→ WHAT YOU WILL DO
Nothing but an exact repeat of the data, with pictures removed, belongs in the answer.

PROVIDED DATA: Begin

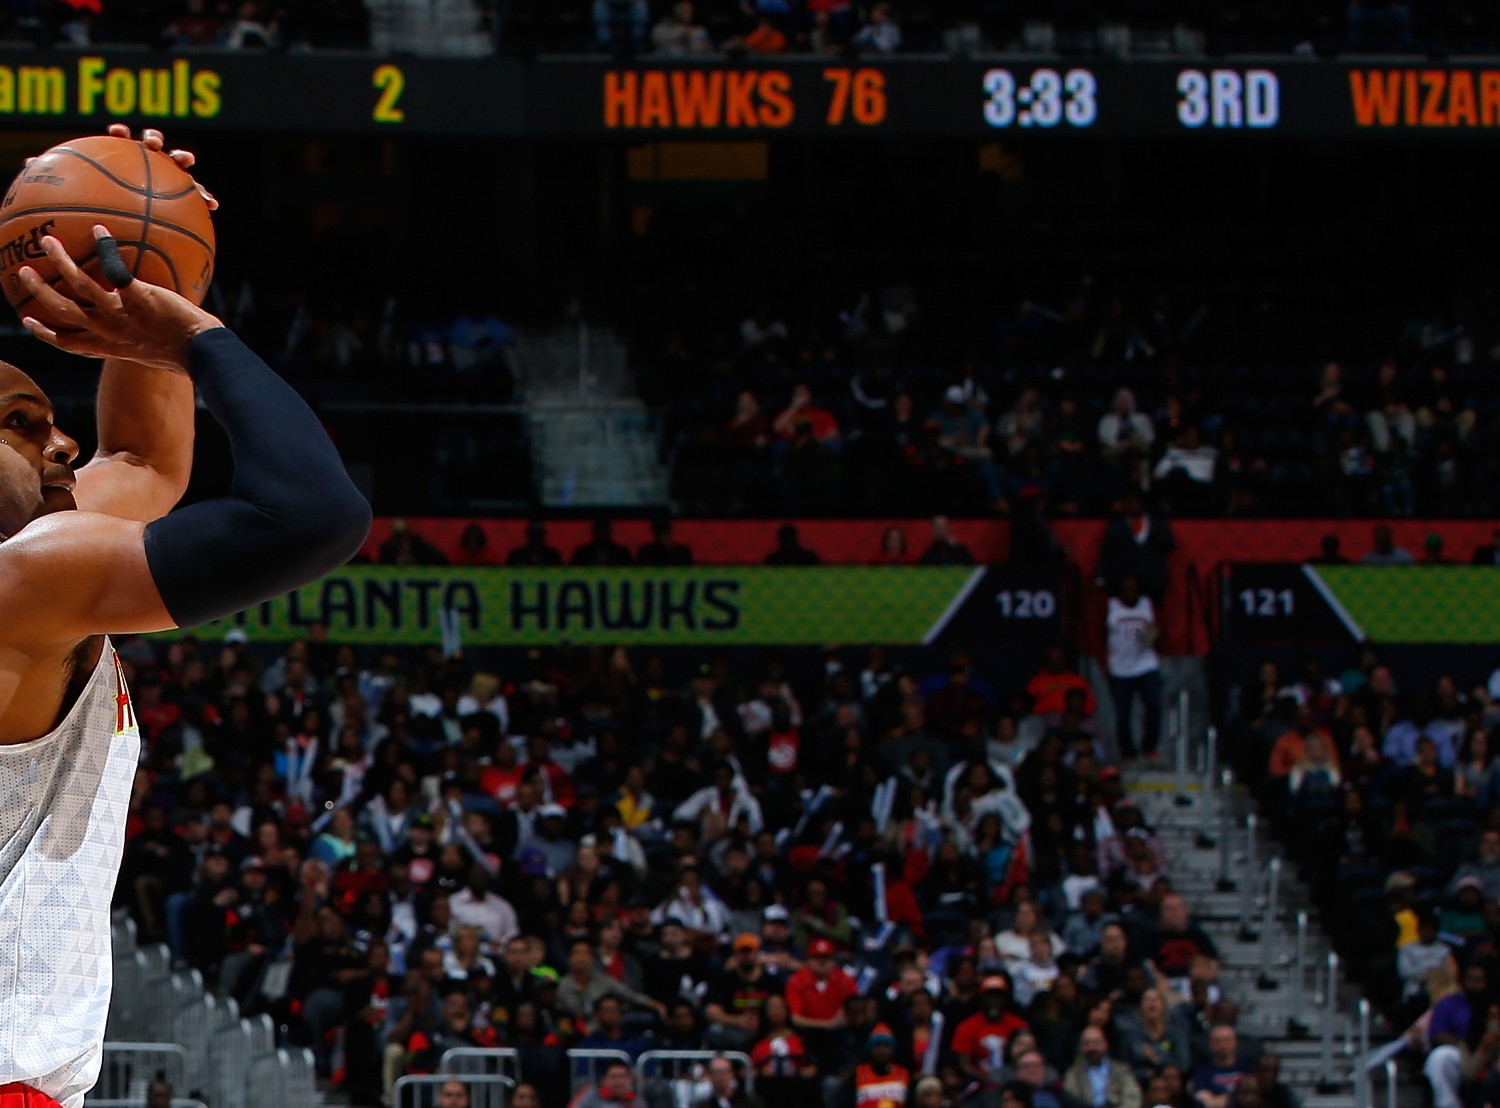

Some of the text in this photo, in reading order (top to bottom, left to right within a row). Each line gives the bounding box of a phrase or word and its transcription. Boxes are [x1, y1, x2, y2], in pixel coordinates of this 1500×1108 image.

[78, 57, 222, 120] Fouls
[373, 64, 405, 124] 2
[603, 69, 794, 129] HAWKS
[823, 67, 888, 126] 76
[982, 68, 1098, 129] 3:33
[1177, 69, 1280, 129] 3RD
[211, 577, 741, 631] LANTA HAWKS
[996, 588, 1056, 618] 120
[1239, 588, 1295, 617] 121
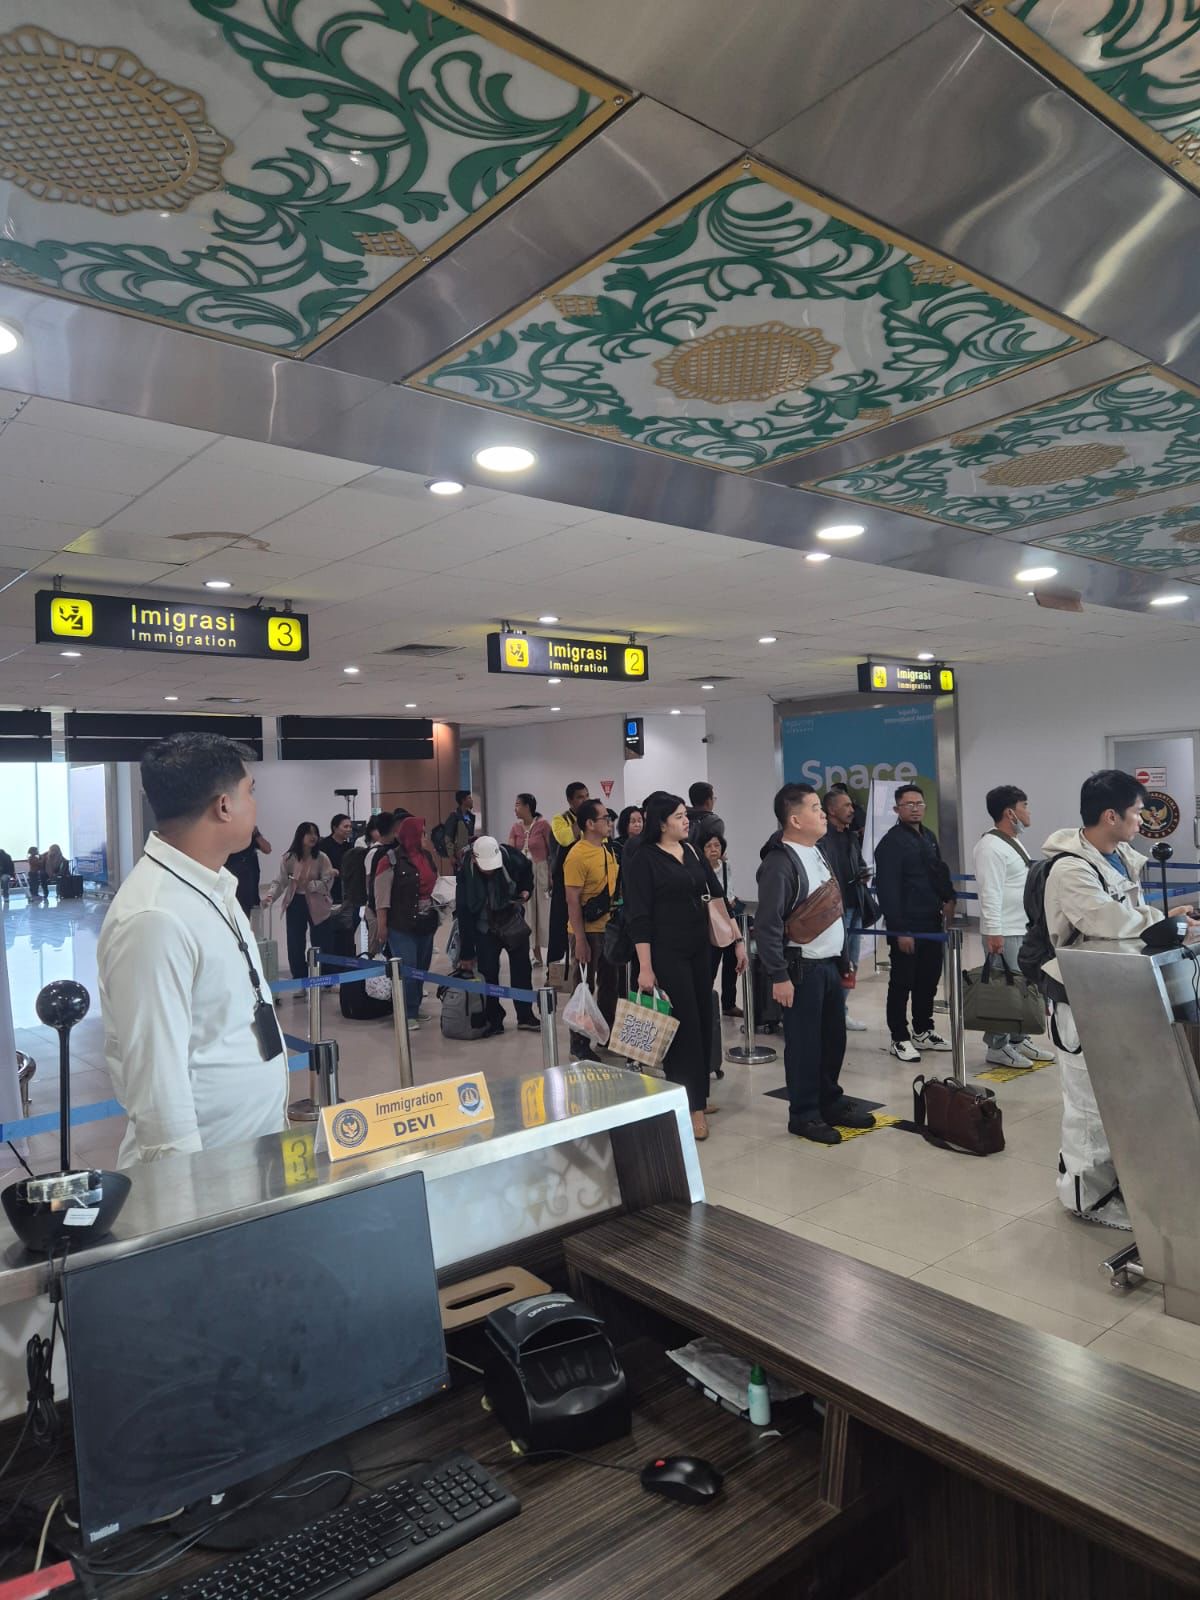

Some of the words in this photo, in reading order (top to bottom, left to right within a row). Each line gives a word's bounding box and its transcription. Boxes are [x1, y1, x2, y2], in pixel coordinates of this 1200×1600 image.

[131, 604, 236, 632] Imigrasi
[131, 628, 237, 648] Immigration
[277, 622, 293, 647] 3
[549, 641, 608, 662] Imigrasi
[630, 652, 640, 672] 2
[550, 660, 609, 674] Immigration
[896, 667, 931, 682] Imigrasi
[801, 759, 918, 790] Space
[375, 1090, 444, 1117] Immigration
[393, 1113, 437, 1137] DEVI

PROVIDED DATA: End

→ RESULT OF THE TASK
Some of the text in this photo, in reading order (top to bottom, left to right within a row). Each line gives the bounding box of a phrase or word and its transcription. Boxes are [x1, y1, x2, y2], in pixel coordinates of this 1500×1108 image.

[78, 57, 222, 120] Fouls
[373, 64, 405, 124] 2
[603, 69, 794, 129] HAWKS
[823, 67, 888, 126] 76
[982, 68, 1098, 129] 3:33
[1177, 69, 1280, 129] 3RD
[211, 577, 741, 631] LANTA HAWKS
[996, 588, 1056, 618] 120
[1239, 588, 1295, 617] 121

Some of the words in this photo, in reading order (top to bottom, left to right within a row). Each line gives a word's bounding box and its transcription. Boxes are [x1, y1, x2, y2], in pixel coordinates of this 1200×1600 image.

[131, 604, 236, 632] Imigrasi
[131, 628, 237, 648] Immigration
[277, 622, 293, 647] 3
[549, 641, 608, 662] Imigrasi
[630, 652, 640, 672] 2
[550, 660, 609, 674] Immigration
[896, 667, 931, 682] Imigrasi
[801, 759, 918, 790] Space
[375, 1090, 444, 1117] Immigration
[393, 1113, 437, 1137] DEVI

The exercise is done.